The past 20 years of globalisation have witnessed a dramatic expansion in the fragmentation of production across countries. Firms today can not only trade in final goods, but also conduct intermediate stages of manufacturing by importing foreign inputs, processing and assembling them into finished products, and re-exporting these to consumers and distributors abroad. While processing trade contributes just 10% of EU exports, at over 50% it has been a major driving force behind the rapid growth of Chinese exports (Cernat and Pajot 2012).

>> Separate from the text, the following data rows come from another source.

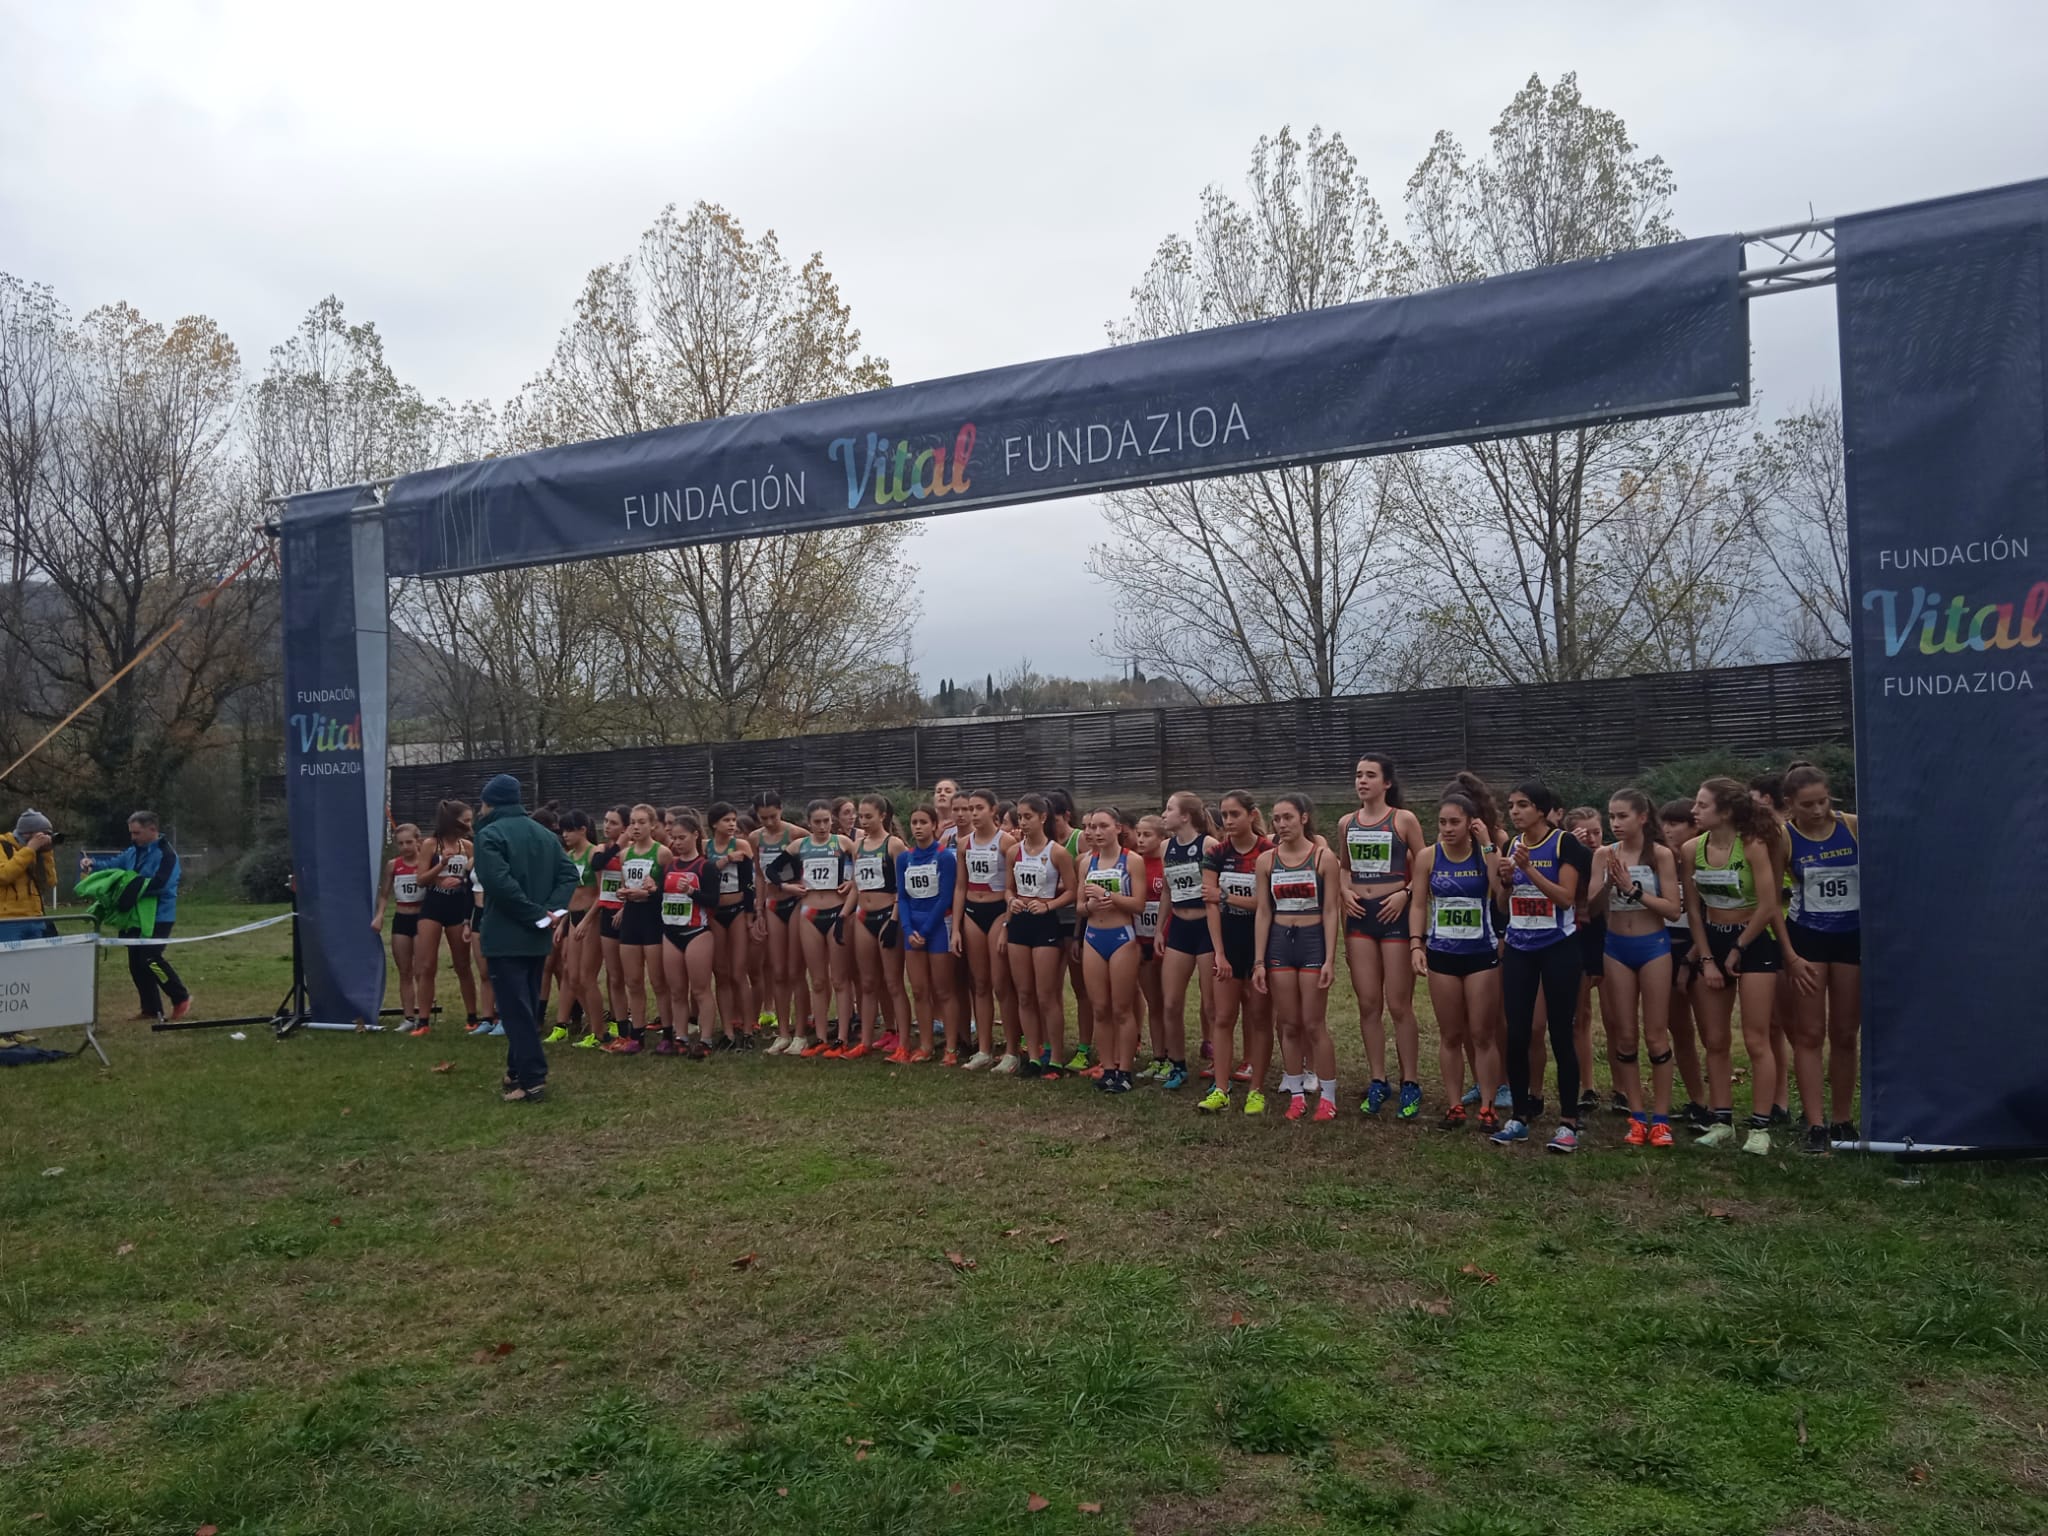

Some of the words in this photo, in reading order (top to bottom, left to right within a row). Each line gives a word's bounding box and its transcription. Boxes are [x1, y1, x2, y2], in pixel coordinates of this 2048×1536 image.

[624, 464, 806, 531] FUNDACIÓN
[828, 422, 977, 509] Vital
[1005, 402, 1250, 476] FUNDAZIOA
[1880, 534, 2029, 570] FUNDACIÓN
[1862, 581, 2048, 657] Vital
[1884, 670, 2034, 697] FUNDAZIOA
[290, 712, 361, 753] Vital
[1355, 844, 1379, 860] 754
[1820, 848, 1853, 860] IRANZU
[627, 868, 643, 880] 186
[812, 868, 829, 881] 172
[860, 868, 875, 881] 171
[971, 861, 989, 874] 145
[910, 875, 930, 889] 169
[1020, 873, 1037, 887] 141
[1174, 876, 1196, 890] 192
[402, 883, 417, 894] 167
[1817, 879, 1849, 898] 195
[667, 903, 684, 915] 760
[1140, 912, 1158, 926] 160
[1444, 910, 1472, 926] 764

In this Nottingham School of Economics working paper, published in the Journal of International Economics, Kalina Manova and Zhihong Yu examine matched customs and balance-sheet data from China to study how financial factors affect firms participation in global value chain through processing trade. The authors conclude that international production networks allow more firms to share in the gains from trade - firms that could otherwise not export at all. However, limited access to capital restricts manufacturers to low value-added stages of the supply chain and precludes them from pursuing more profitable opportunities. Exploiting multiple sources of variation in the data to establish causality, Manova and Yu consistently find that financial frictions force companies into the less profitable processing mode, and the least attractive pure-assembly regime in particular. As a result, credit-constrained firms, and financially under-developed countries as a whole, might be stuck in low value-added stages of the supply chain and unable to pursue more attractive opportunities. Strengthening capital markets might thus be an important prerequisite for moving into higher value-added, more profitable activities.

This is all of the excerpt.